Donald's Encyclopedia of Popular Music

A B C D E F G H I J K L M N O P Q R S T U V W X Y Z

DAVIS, Mac

(b Scott Davis, 21 Jan. '42, Lubbock TX) One of the top country/pop singer/songwriters of '70s. Moved to Atlanta '57, attended Emory U, worked as ditch digger, pump jockey, probation officer etc, wrote songs, played in a band evenings. Regional manager for Vee-Jay records at the time they had the Beatles; made records for Vee-Jay, Capitol. Wrote 'You're Good For Me' (Lou Rawls, '67), then Elvis Presley's 'In The Ghetto', 'Memories', 'Don't Cry Daddy'. Signed with Columbia '69: breakthrough as singer was 'Baby Don't Get Hooked On Me' '72 (no. 1 pop chart).
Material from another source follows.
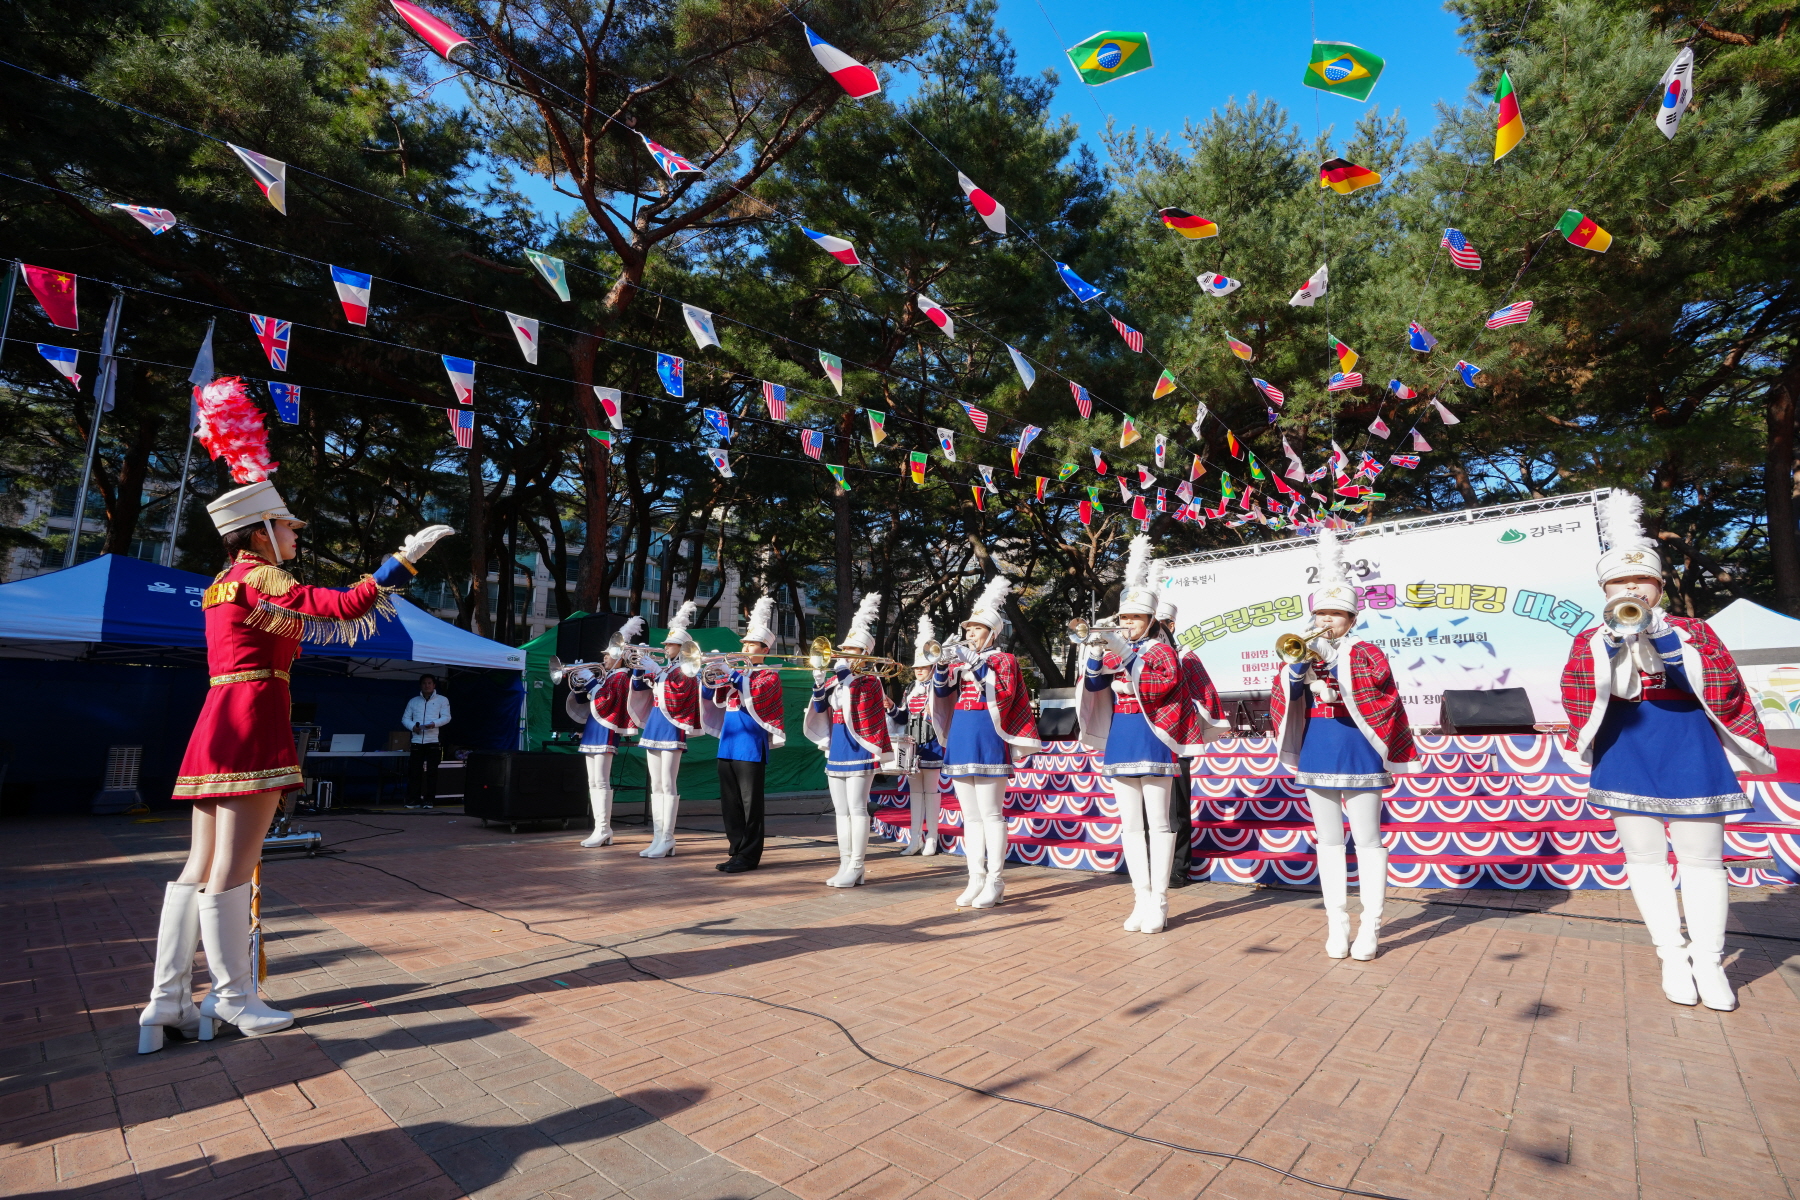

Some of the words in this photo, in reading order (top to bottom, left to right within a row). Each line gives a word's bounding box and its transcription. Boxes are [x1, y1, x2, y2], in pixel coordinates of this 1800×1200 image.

Wrote 'Something's Burning' (Kenny Rogers), 'I Believe In Music' (Statler Brothers), 'Lonesomest Lonesome' (Ray Price), 'Everything A Man Could Ever Need' (Glen Campbell) etc. He had a total of 30 country hits '70--86, incl. top fives 'Hooked On Music' and 'You're My Bestest Friend' '81 on Casablanca. Became top TV and cabaret performer; wrote and sang duet with Dolly Parton on 'Wait 'Til I Get You Home' '89. Appeared in films incl. North Texas Forty '79, Cheaper To Keep Her '80, The Sting II '83, took title role in Broadway musical The Will Rogers Follies '92. Compilations on Columbia and Mercury CDs.